Information provided:
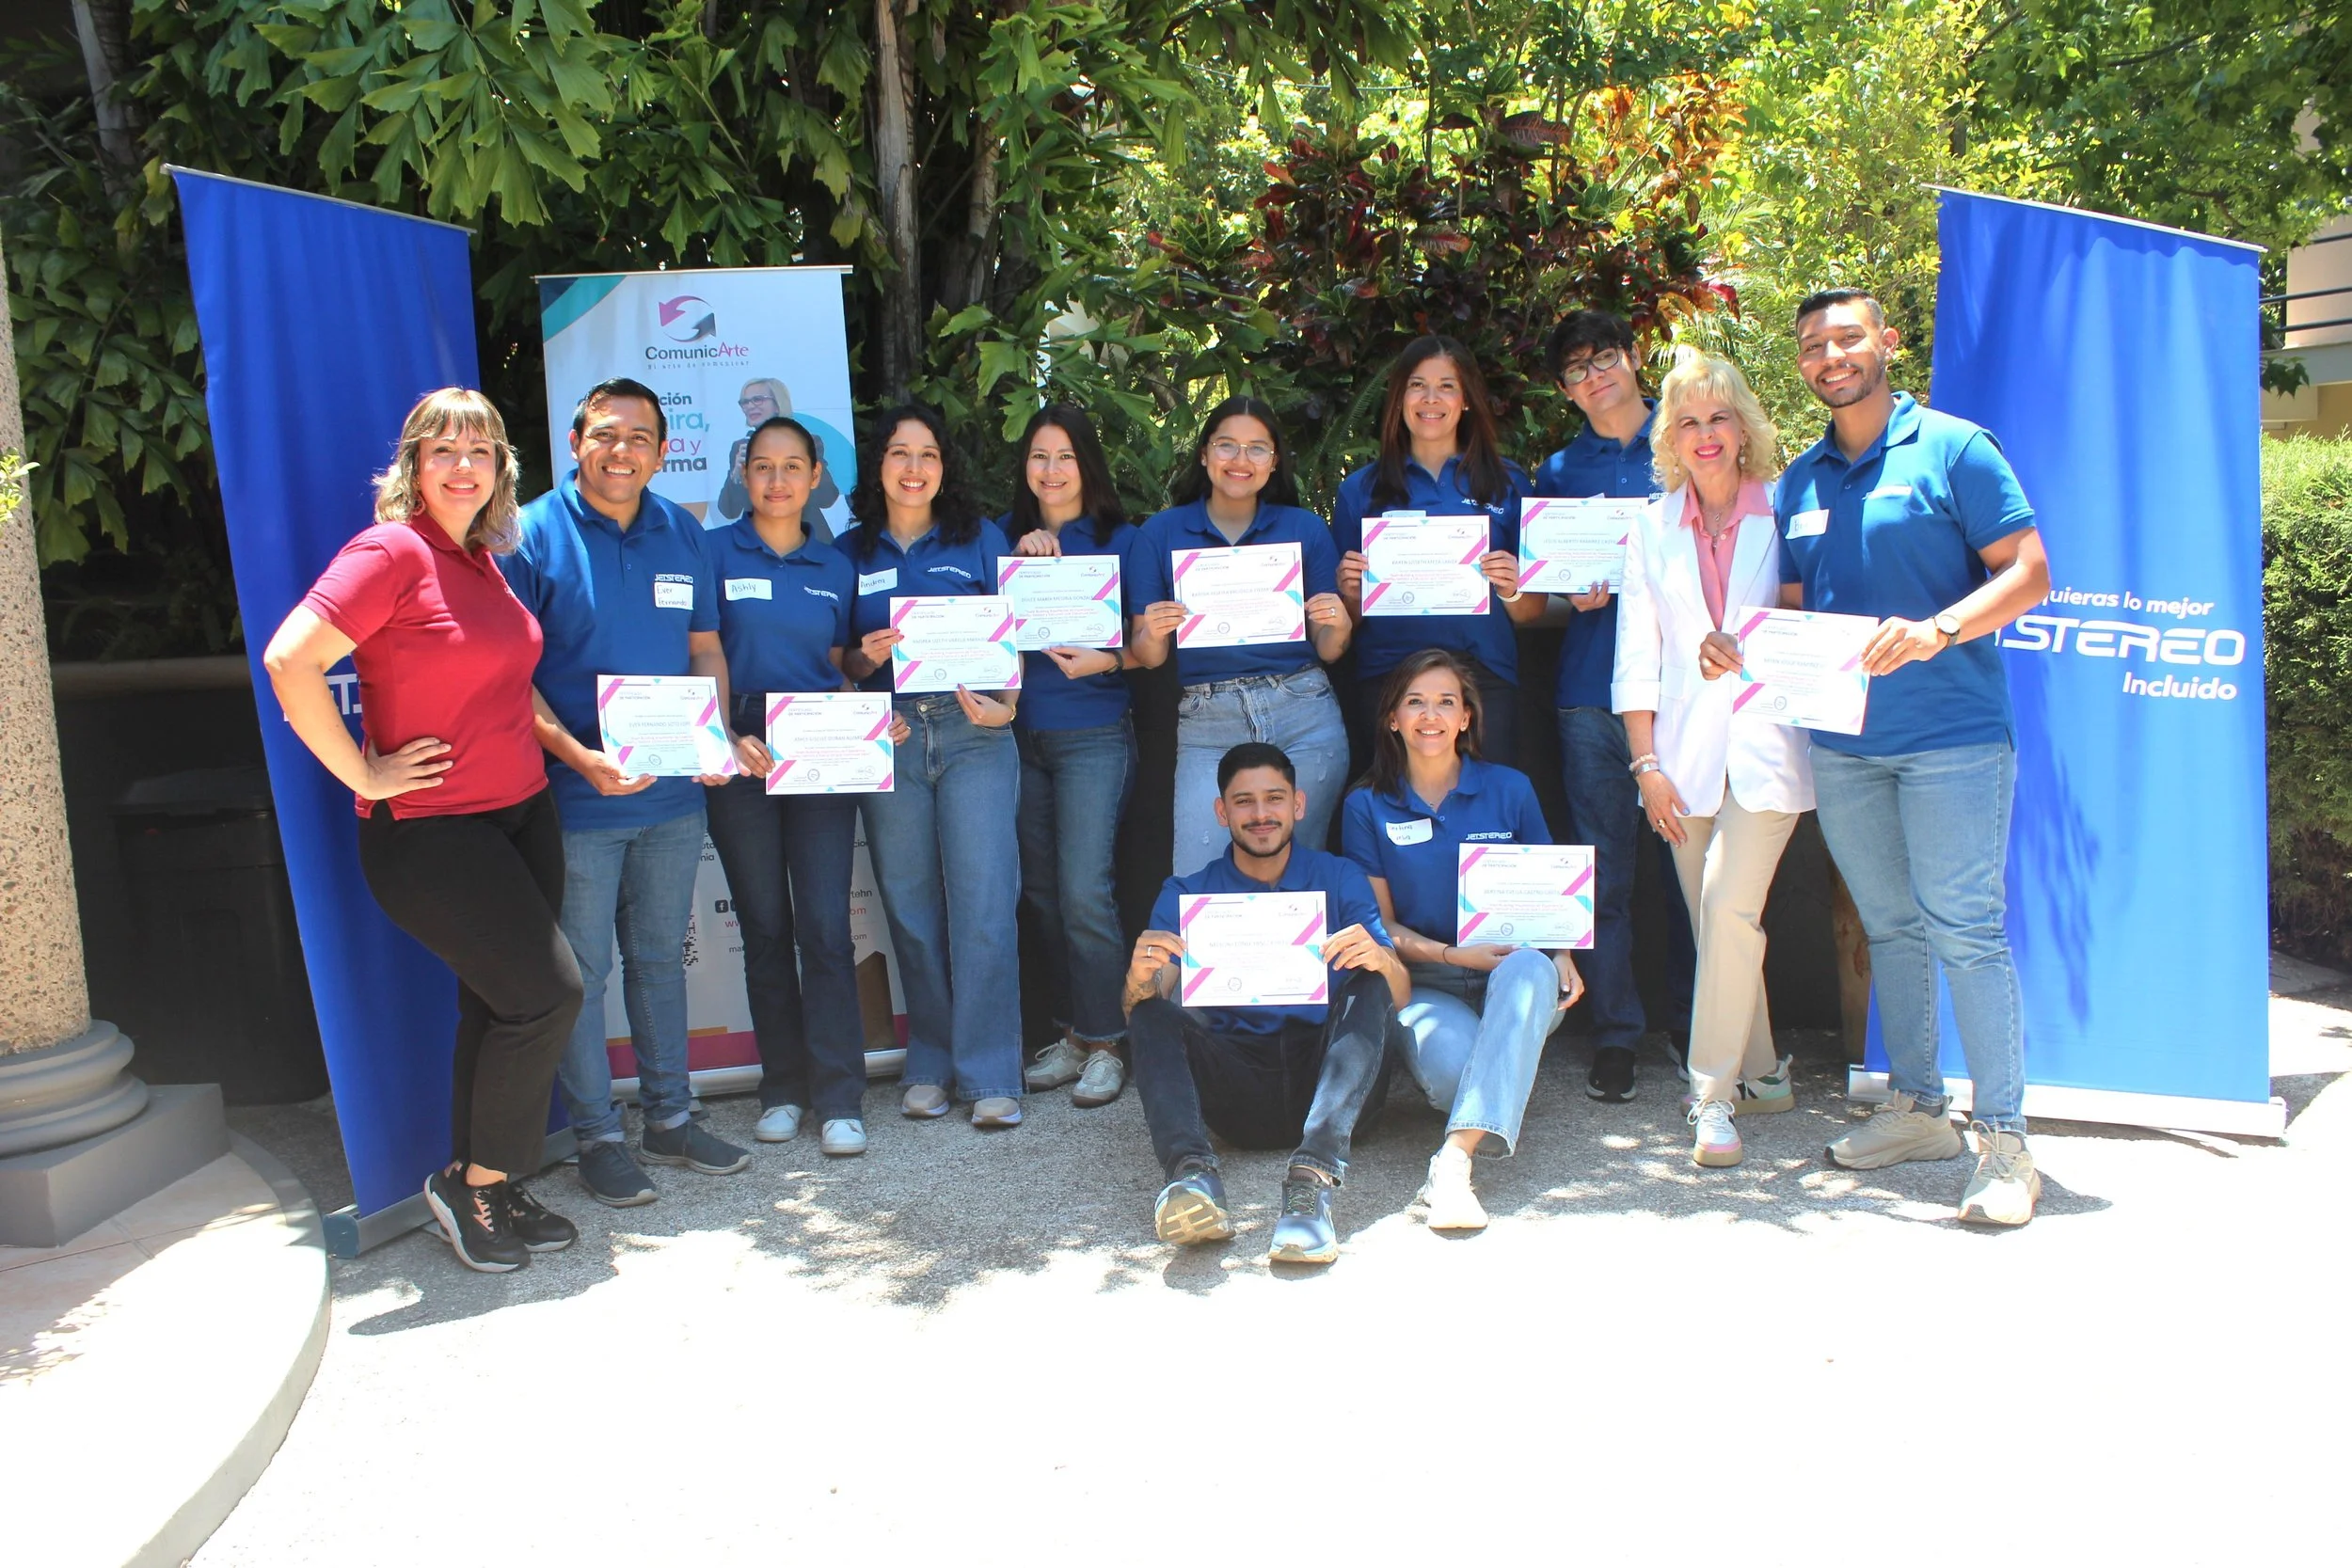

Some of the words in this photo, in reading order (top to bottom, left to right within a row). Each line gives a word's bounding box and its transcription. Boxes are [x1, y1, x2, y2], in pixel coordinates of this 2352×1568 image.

[645, 341, 749, 359] ComunicArte
[659, 392, 692, 405] ción
[668, 408, 710, 433] ira,
[667, 438, 685, 452] a
[690, 440, 702, 455] y
[662, 457, 707, 473] rma
[731, 582, 755, 593] Ashly
[2123, 591, 2142, 611] lo
[2145, 596, 2215, 620] mejor
[2122, 672, 2237, 700] Incluido
[1466, 832, 1512, 841] JETSTEREO
[700, 853, 715, 862] nia

The task:
Repeat the listing in full and exactly. Do not include any images.

Solution below:
Some of the words in this photo, in reading order (top to bottom, left to right within a row). Each line gives a word's bounding box and its transcription. Boxes are [x1, y1, x2, y2], in pixel coordinates of this 2352×1568 image.

[645, 341, 749, 359] ComunicArte
[659, 392, 692, 405] ción
[668, 408, 710, 433] ira,
[667, 438, 685, 452] a
[690, 440, 702, 455] y
[662, 457, 707, 473] rma
[731, 582, 755, 593] Ashly
[2123, 591, 2142, 611] lo
[2145, 596, 2215, 620] mejor
[2122, 672, 2237, 700] Incluido
[1466, 832, 1512, 841] JETSTEREO
[700, 853, 715, 862] nia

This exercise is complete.